In the article, Vidal had argued that the Bill of Rights was under attack by the federal government as it waged "spurious wars against drugs and terrorism." Deep in the story, Vidal opined that McVeigh, a veteran of Persian Gulf War, suffered "from an exaggerated sense of justice" and that in Oklahoma City "he went to war pretty much on his own."

Despite criticism of his accepting McVeigh's invitation, Vidal said yesterday in the phone interview, "It's clear that, one, I am against the death penalty; two, I'm against the arbitrary killing of innocent people; and, three, I'm against the killing of innocent men and women at Waco and Ruby Ridge."

Vidal said he would leave it to his questioner to remind readers of the federal government's 1993 raid on the Branch Davidian compound in Waco, Tex. -- which left 80 people dead, including 22 children -- and its 1992 raid at Ruby Ridge, Idaho, in which the FBI killed the wife and child of separatist Randy Weaver. After all, Vidal told the reporter, you live in "the United States of Amnesia."

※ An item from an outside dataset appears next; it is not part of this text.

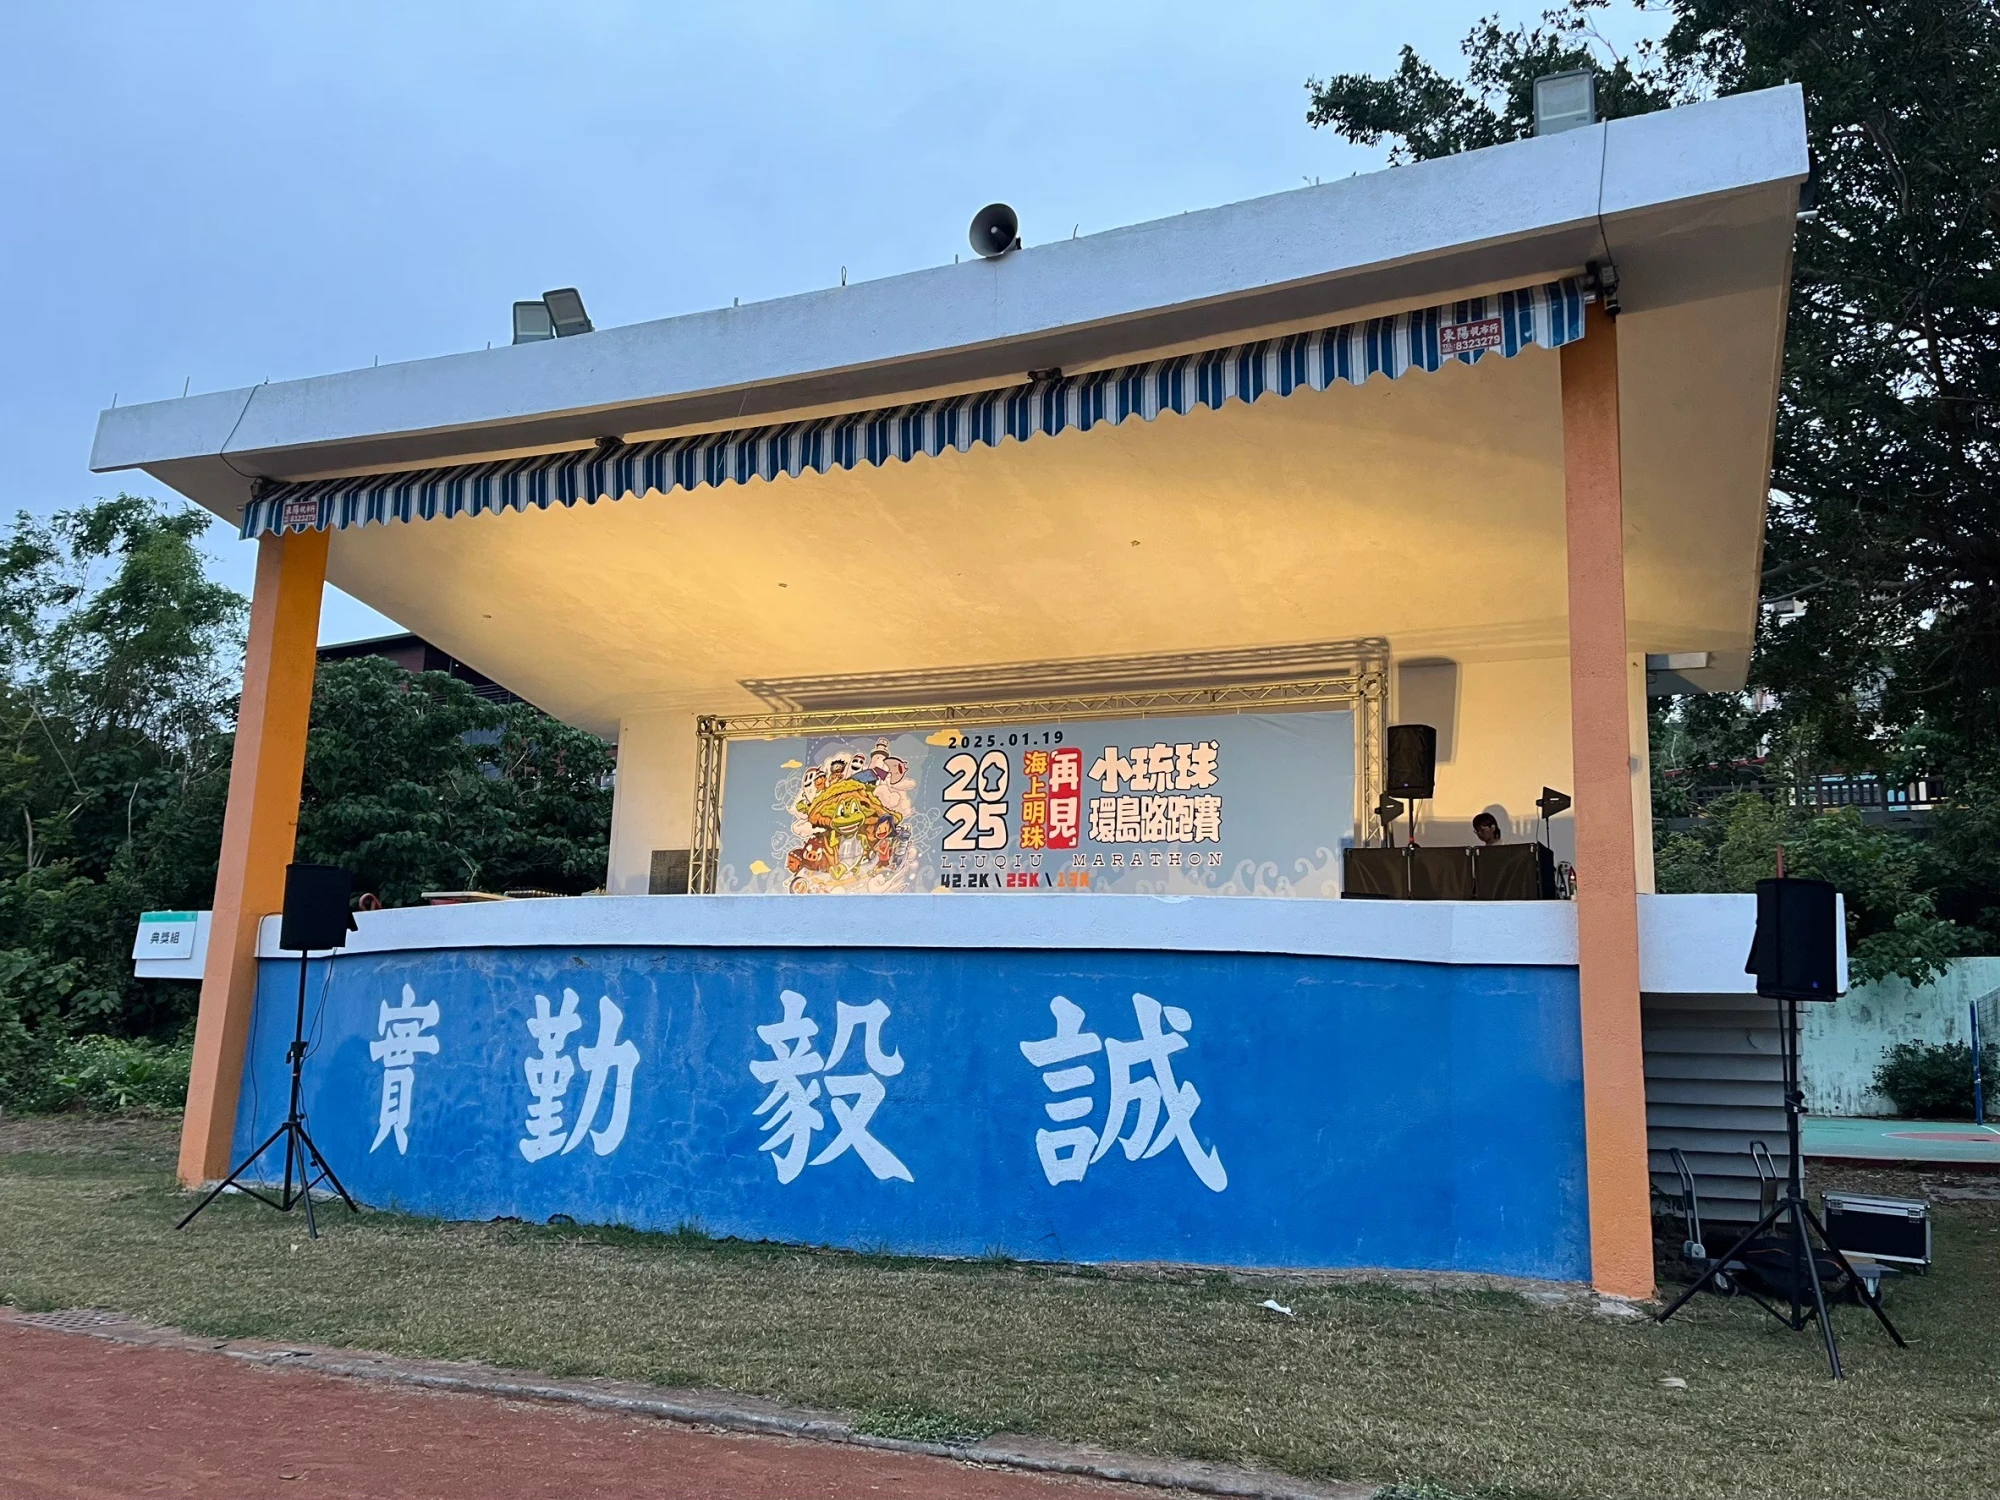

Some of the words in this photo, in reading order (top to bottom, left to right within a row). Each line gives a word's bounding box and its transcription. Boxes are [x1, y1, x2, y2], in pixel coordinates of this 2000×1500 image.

"I had hoped to go out and interview him," Vidal said of McVeigh. "I'm not a journalist. I haven't interviewed anyone since Barry Goldwater in 1964." But last month Attorney General John Ashcroft decreed that inmates on death row cannot give face-to-face interviews.

Such a decision "was worthy of the Third Reich," Vidal complained. "How this can come out of the head of an attorney general who is a nobody is beyond me. It seems unconstitutional."

He and McVeigh "share many ideas in common," he said, but stressed: "I'm not, not, not talking about taking revenge on innocent people. Especially Oklahomans because they are the children of my grandfather's constituents."

Vidal's grandfather, Thomas Gore, was a U.S. senator from Oklahoma. Until he was 10, Vidal lived in his grandfather's home on Rock Creek Park, a house that is now the Malaysian Embassy. He recalled reading aloud to the elder Gore because the senator was blind. Gore Vidal said that though he never went to college, he did receive a great education at the feet of his grandfather.

Vidal, a veteran of World War II, also pointed out that he is a member of "the greatest generation."

McVeigh, Vidal said, is "very very bright." His spelling, his punctuation, his grammar "are perfect." And he "quotes, from memory, H.L. Mencken," Vidal said. "He is a junkie of the Constitution and the Bill of Rights."

As for his crime, McVeigh "knows what he did."

Vidal hoped to write a "summing up" story. Though he isn't allowed to meet McVeigh in person, Vidal said he was told he can speak to him for 15 minutes on the telephone. Owing to a deep dislike of telephony, Vidal hopes that McVeigh will use a fax instead. "I sent him a number of questions," Vidal said, "which I'm not going to tell you."

He would reveal one: He asked McVeigh why he chose to bomb a place "where innocents would be killed?"

"I guess he's going to write out his answers," Vidal said. "It may well be posthumously that I will hear from him."

The faxed exchange will serve "in lieu of a kind of wrap-up of our mysterious three-year relationship."

Vidal said, "He is a very superior sort of young man."